_Task goal_
Every record must be restated exactly as written.
((
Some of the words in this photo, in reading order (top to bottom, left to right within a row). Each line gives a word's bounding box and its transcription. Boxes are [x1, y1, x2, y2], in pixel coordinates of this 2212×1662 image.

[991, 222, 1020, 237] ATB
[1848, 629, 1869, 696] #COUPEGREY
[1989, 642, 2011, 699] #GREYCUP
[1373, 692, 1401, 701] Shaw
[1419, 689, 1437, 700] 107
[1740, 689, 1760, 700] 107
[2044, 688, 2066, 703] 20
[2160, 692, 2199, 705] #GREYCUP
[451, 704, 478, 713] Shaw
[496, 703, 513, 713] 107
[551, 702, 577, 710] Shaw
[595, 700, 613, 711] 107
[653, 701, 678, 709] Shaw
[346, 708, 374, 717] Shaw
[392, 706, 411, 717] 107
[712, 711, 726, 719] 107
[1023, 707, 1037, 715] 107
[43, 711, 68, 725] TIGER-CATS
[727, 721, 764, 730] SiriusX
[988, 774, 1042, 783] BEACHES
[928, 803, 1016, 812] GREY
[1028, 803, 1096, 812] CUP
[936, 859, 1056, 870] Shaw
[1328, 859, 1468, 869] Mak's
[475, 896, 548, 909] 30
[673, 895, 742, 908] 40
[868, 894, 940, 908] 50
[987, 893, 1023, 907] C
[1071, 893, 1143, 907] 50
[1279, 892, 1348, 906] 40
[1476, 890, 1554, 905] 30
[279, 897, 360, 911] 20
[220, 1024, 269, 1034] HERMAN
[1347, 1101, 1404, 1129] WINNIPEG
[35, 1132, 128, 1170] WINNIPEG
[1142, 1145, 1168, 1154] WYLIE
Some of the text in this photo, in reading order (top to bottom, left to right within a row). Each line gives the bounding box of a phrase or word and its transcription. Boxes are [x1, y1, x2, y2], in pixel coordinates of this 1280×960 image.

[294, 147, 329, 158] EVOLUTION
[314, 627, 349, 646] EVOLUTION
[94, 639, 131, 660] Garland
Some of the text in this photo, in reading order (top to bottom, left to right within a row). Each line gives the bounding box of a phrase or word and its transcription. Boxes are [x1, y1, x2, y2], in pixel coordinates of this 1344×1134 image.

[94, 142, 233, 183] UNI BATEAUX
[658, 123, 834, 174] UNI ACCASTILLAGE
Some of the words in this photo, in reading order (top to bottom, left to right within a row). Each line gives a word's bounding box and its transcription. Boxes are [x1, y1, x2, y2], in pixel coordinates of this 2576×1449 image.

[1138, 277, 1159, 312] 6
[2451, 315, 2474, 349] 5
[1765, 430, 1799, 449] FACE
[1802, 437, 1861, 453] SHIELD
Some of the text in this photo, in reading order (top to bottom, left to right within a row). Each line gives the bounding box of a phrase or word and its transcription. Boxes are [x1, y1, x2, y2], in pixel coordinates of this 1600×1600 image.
))
_Written response_
Some of the words in this photo, in reading order (top to bottom, left to right within a row). Each line gives a word's bounding box and its transcription. Boxes are [x1, y1, x2, y2], in pixel coordinates of this 2212×1662 image.

[991, 222, 1020, 237] ATB
[1848, 629, 1869, 696] #COUPEGREY
[1989, 642, 2011, 699] #GREYCUP
[1373, 692, 1401, 701] Shaw
[1419, 689, 1437, 700] 107
[1740, 689, 1760, 700] 107
[2044, 688, 2066, 703] 20
[2160, 692, 2199, 705] #GREYCUP
[451, 704, 478, 713] Shaw
[496, 703, 513, 713] 107
[551, 702, 577, 710] Shaw
[595, 700, 613, 711] 107
[653, 701, 678, 709] Shaw
[346, 708, 374, 717] Shaw
[392, 706, 411, 717] 107
[712, 711, 726, 719] 107
[1023, 707, 1037, 715] 107
[43, 711, 68, 725] TIGER-CATS
[727, 721, 764, 730] SiriusX
[988, 774, 1042, 783] BEACHES
[928, 803, 1016, 812] GREY
[1028, 803, 1096, 812] CUP
[936, 859, 1056, 870] Shaw
[1328, 859, 1468, 869] Mak's
[475, 896, 548, 909] 30
[673, 895, 742, 908] 40
[868, 894, 940, 908] 50
[987, 893, 1023, 907] C
[1071, 893, 1143, 907] 50
[1279, 892, 1348, 906] 40
[1476, 890, 1554, 905] 30
[279, 897, 360, 911] 20
[220, 1024, 269, 1034] HERMAN
[1347, 1101, 1404, 1129] WINNIPEG
[35, 1132, 128, 1170] WINNIPEG
[1142, 1145, 1168, 1154] WYLIE
Some of the text in this photo, in reading order (top to bottom, left to right within a row). Each line gives the bounding box of a phrase or word and its transcription. Boxes are [x1, y1, x2, y2], in pixel coordinates of this 1280×960 image.

[294, 147, 329, 158] EVOLUTION
[314, 627, 349, 646] EVOLUTION
[94, 639, 131, 660] Garland
Some of the text in this photo, in reading order (top to bottom, left to right within a row). Each line gives the bounding box of a phrase or word and its transcription. Boxes are [x1, y1, x2, y2], in pixel coordinates of this 1344×1134 image.

[94, 142, 233, 183] UNI BATEAUX
[658, 123, 834, 174] UNI ACCASTILLAGE
Some of the words in this photo, in reading order (top to bottom, left to right within a row). Each line gives a word's bounding box and its transcription. Boxes are [x1, y1, x2, y2], in pixel coordinates of this 2576×1449 image.

[1138, 277, 1159, 312] 6
[2451, 315, 2474, 349] 5
[1765, 430, 1799, 449] FACE
[1802, 437, 1861, 453] SHIELD
Some of the text in this photo, in reading order (top to bottom, left to right within a row). Each line gives the bounding box of a phrase or word and its transcription. Boxes are [x1, y1, x2, y2], in pixel coordinates of this 1600×1600 image.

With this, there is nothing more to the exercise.